这项工作中作者用到的是针对circRNA的shRNA文库，筛选对前列腺癌生长所必须的essential circRNA，这些essential circRNA被干扰之后，细胞增殖显著抑制甚至细胞会发生死亡（[3]）。作者在这项工作中共分析到了171种essential circRNA，选择了10个进行干扰和过表达验证，结果表明所筛选到的circRNA在细胞增殖中的作用非常显著。

图2 基于shRNA文库筛选前列腺癌essential circRNA （[3]）

看到这里，大家一定会眼前一亮，功能这么强的circRNA分子原来也可以用这个办法来找！但需要注意的是，因为绝大部分circRNA是从mRNA的外显子反向剪切形成的，要保证只下调circRNA而不影响对应的mRNA，只能在反向拼接位点来设计，因此只有shRNA才能保证只对circRNA起作用而不影响对应的mRNA。Cas9是mRNA敲除的重要技术，但目前在circRNA中应用还非常有限，只有个别circRNA可以通过设计实验并验证后实现敲除，目前还没法实现全基因组进行大规模的circRNA敲除而不影响对应的mRNA，因此Cas9文库还不适合circRNA。目前只有shRNA文库适合功能circRNA的筛选！circRNA种类多，shRNA合成费时费力且费用高，目前国内也有成品化的shRNA文库，Geneseed的SCL-1，包含11930种shRNA分子，靶向1485个circRNA和对应的1050个来源基因mRNA，且靶向来源基因mRNA的shRNA均避开对应circRNA的序列，可以满足大家通过高通量文库技术筛选功能circRNA的需求。

参考文献

1. Xu, G., et al., ARID1A determines luminal identity and therapeutic response in estrogen-receptor-positive breast cancer. Nat Genet, 2020. 52(2): p. 198-207.

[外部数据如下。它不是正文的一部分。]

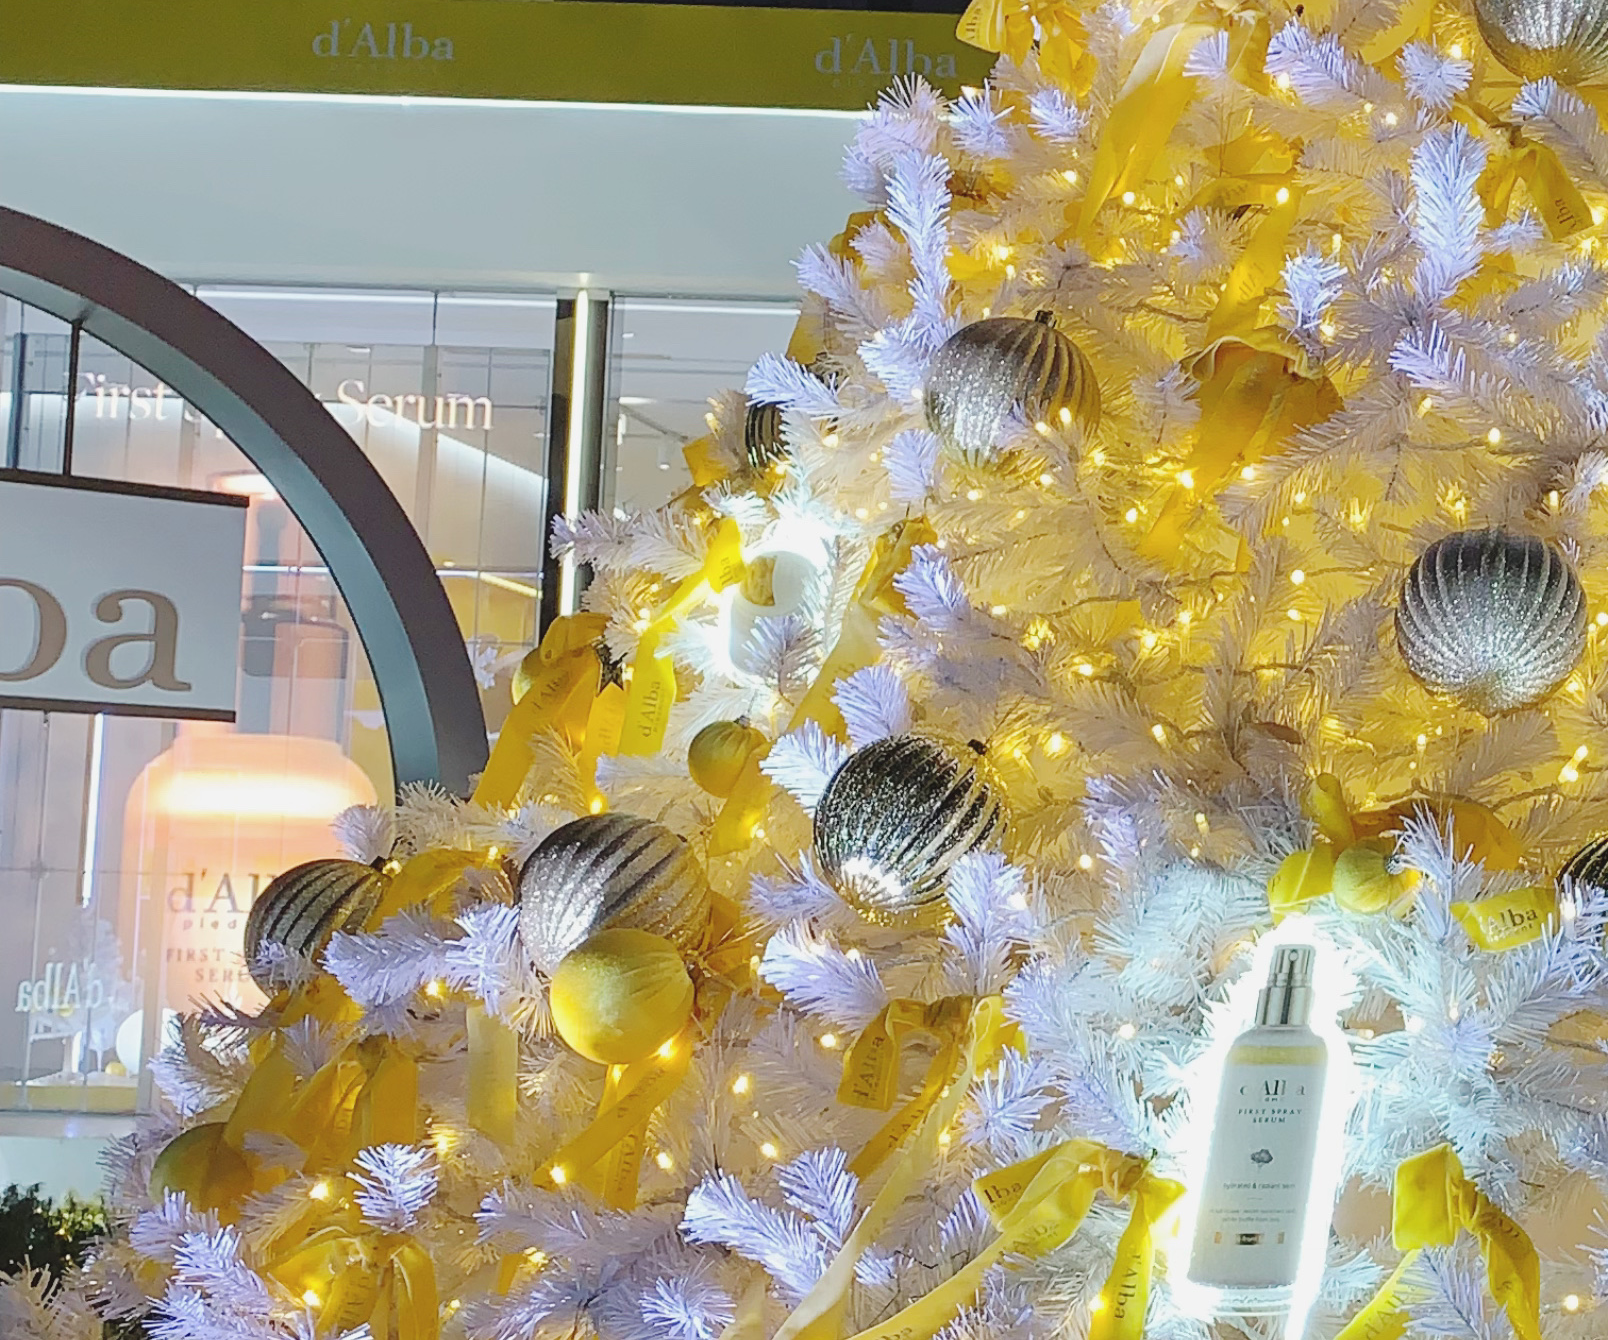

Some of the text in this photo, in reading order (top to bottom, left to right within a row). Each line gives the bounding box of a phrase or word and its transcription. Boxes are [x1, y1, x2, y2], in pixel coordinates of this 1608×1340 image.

2. Schuster, A., et al., RNAi/CRISPR Screens: from a Pool to a Valid Hit. Trends Biotechnol, 2019. 37(1): p. 38-55.

3. Chen, S., et al., Widespread and Functional RNA Circularization in Localized Prostate Cancer. Cell, 2019. 176(4): p. 831-843 e22.